Survey findings are also used to create information for individual homeowners, such as:
2015 House Condition Survey results
The latest survey was undertaken in 2015 by BRANZ with funding from the Building Research Levy, the Ministry of Business, Innovation and Employment (MBIE) and the Energy Efficiency and Conservation Authority (EECA).
It involved surveying 560 stand-alone owned and rented houses throughout New Zealand.
Evolving scope of the survey
The House Condition Survey evolved over the years to meet changing needs. For example, the survey was initially only undertaken in New Zealand's three major cities (Auckland, Christchurch and Wellington) and only on owner-occupied housing.
Since 2010, the survey was extended nationwide to cover provincial and rural areas and include rental houses.
The sampling framework for the 2010 and 2015 House Condition Surveys was designed to be broadly representative of the national housing stock. It includes both owner-occupied and rental housing but not apartments.
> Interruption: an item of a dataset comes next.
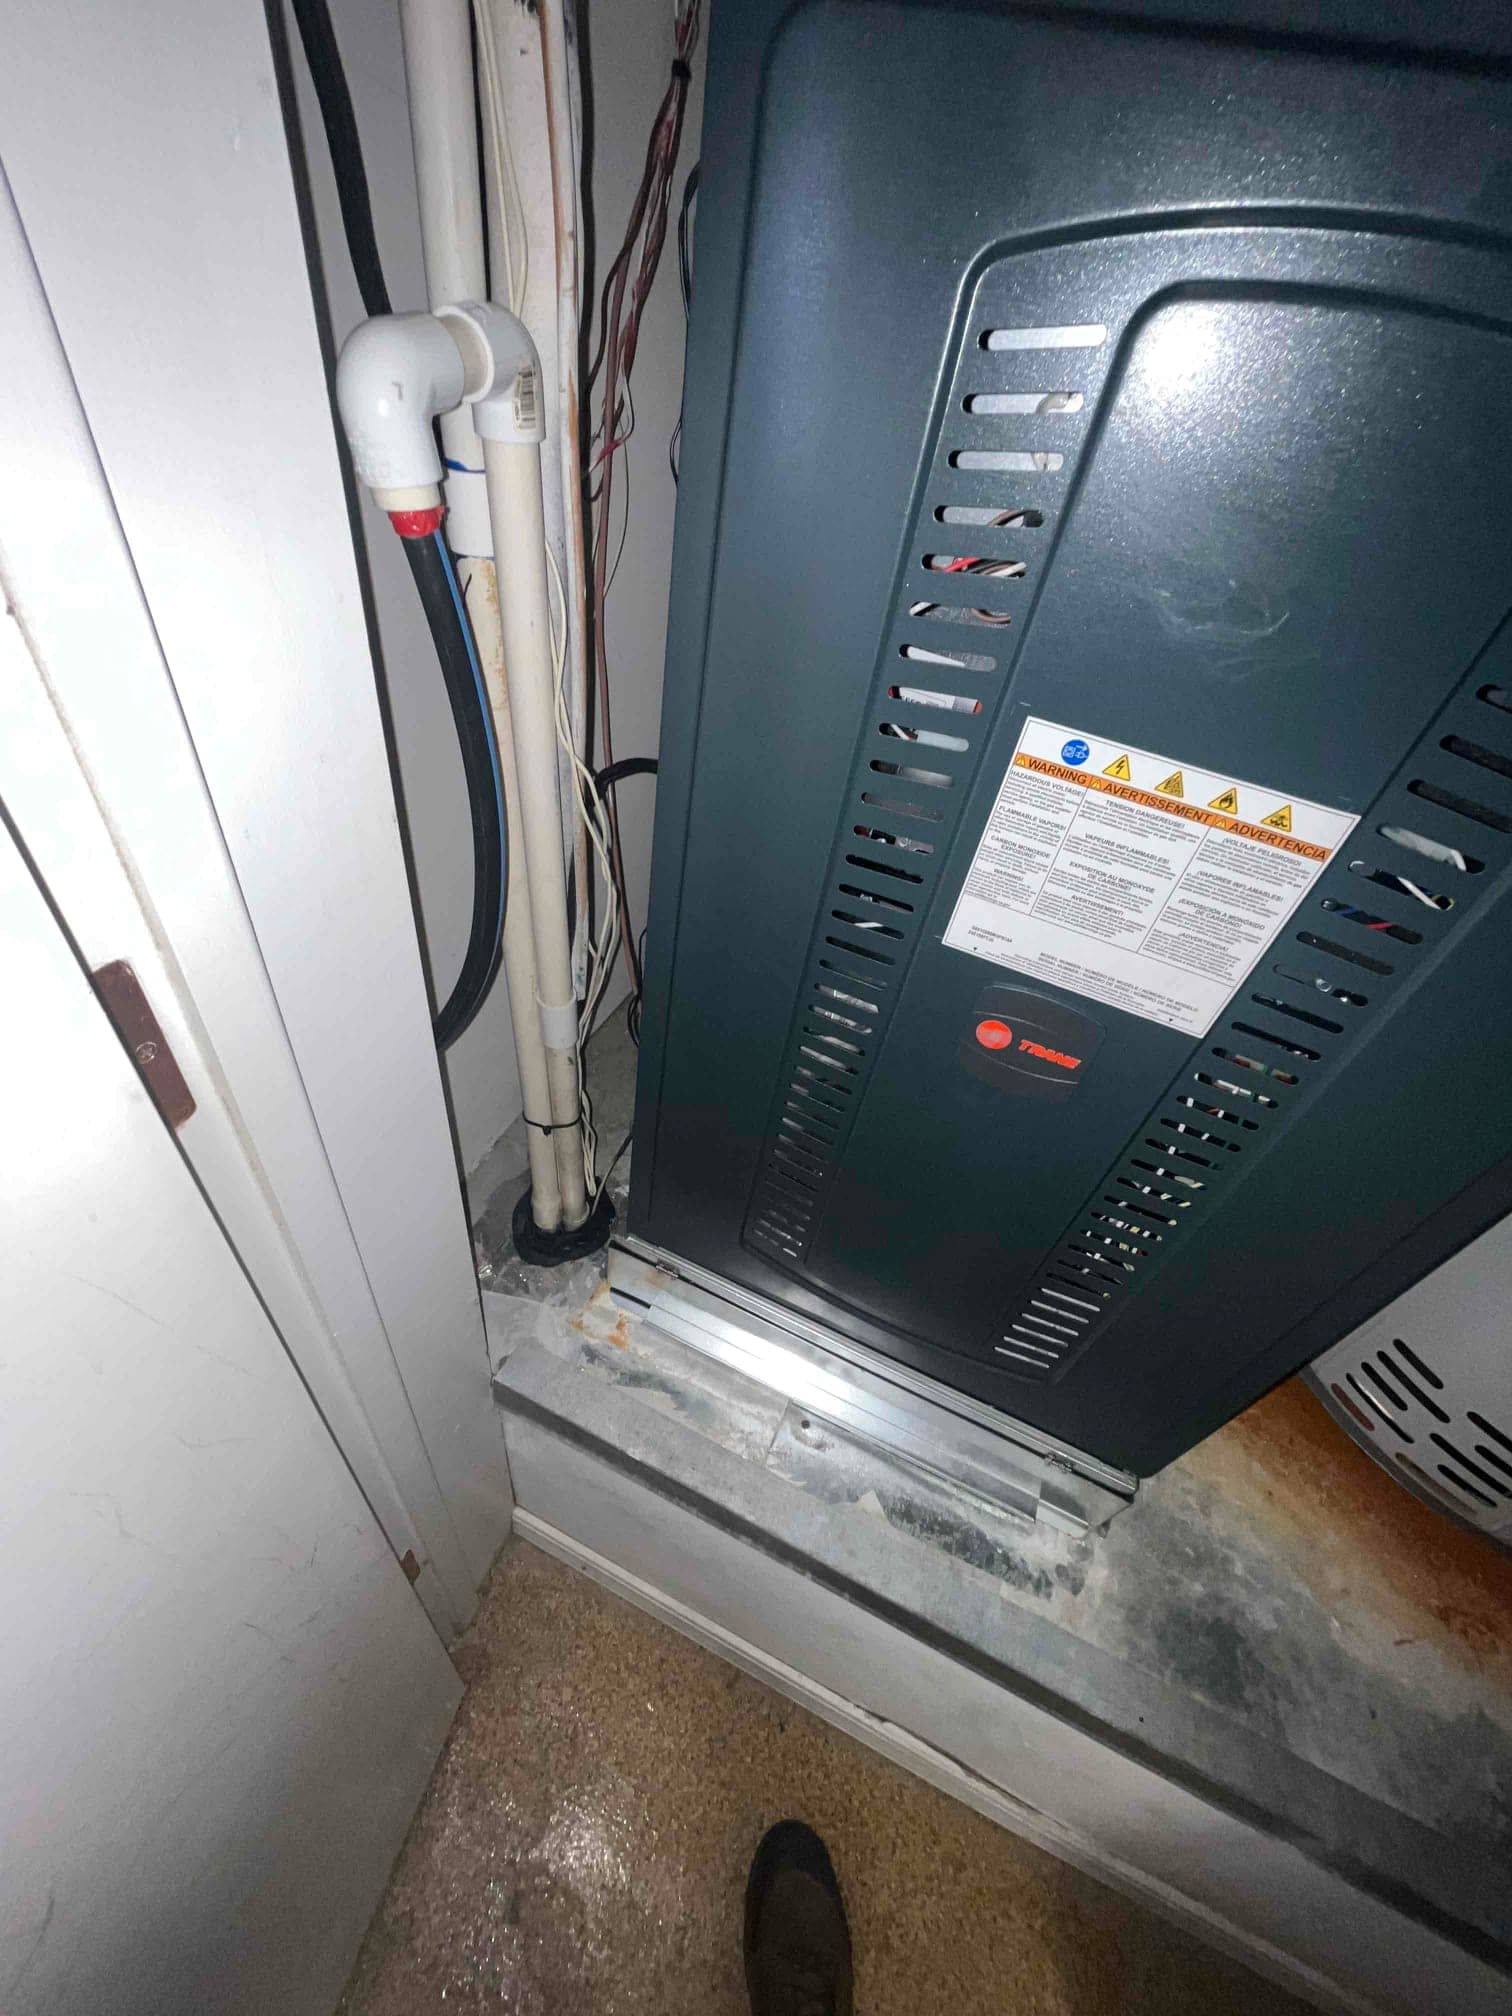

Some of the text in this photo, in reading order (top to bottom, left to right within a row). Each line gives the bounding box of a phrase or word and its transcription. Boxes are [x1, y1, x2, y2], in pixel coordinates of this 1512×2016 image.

The survey comprised an on-site assessment of the house by a trained surveyor and a telephone interview with a household occupant.
For the 2015 survey, a new questionnaire asked householders about energy use of their appliances. This questionnaire was commissioned by EECA.
The on-site assessment examined all areas of the house, both inside and out, and some features external to the property. The areas examined are:
- foundations and subfloor
- exterior (walls, windows and doors)
- interior (room linings and fittings)
- roof space
- hot water cylinder
- carports, garages and sleepouts
- paths, steps and ramps.
Condition rating scale
The survey includes assessing the condition of up to 49 different components or features of the house. This uses a condition rating scale that is explicitly linked to the presence of defects and need for repair and maintenance.
The condition ratings given are:
- serious - health and safety implications; needs immediate attention
- poor - needs attention within 3 months
- moderate - will need attention within the next 2 years
- good - very few defects, near-new condition
- excellent - no defects, as-new condition.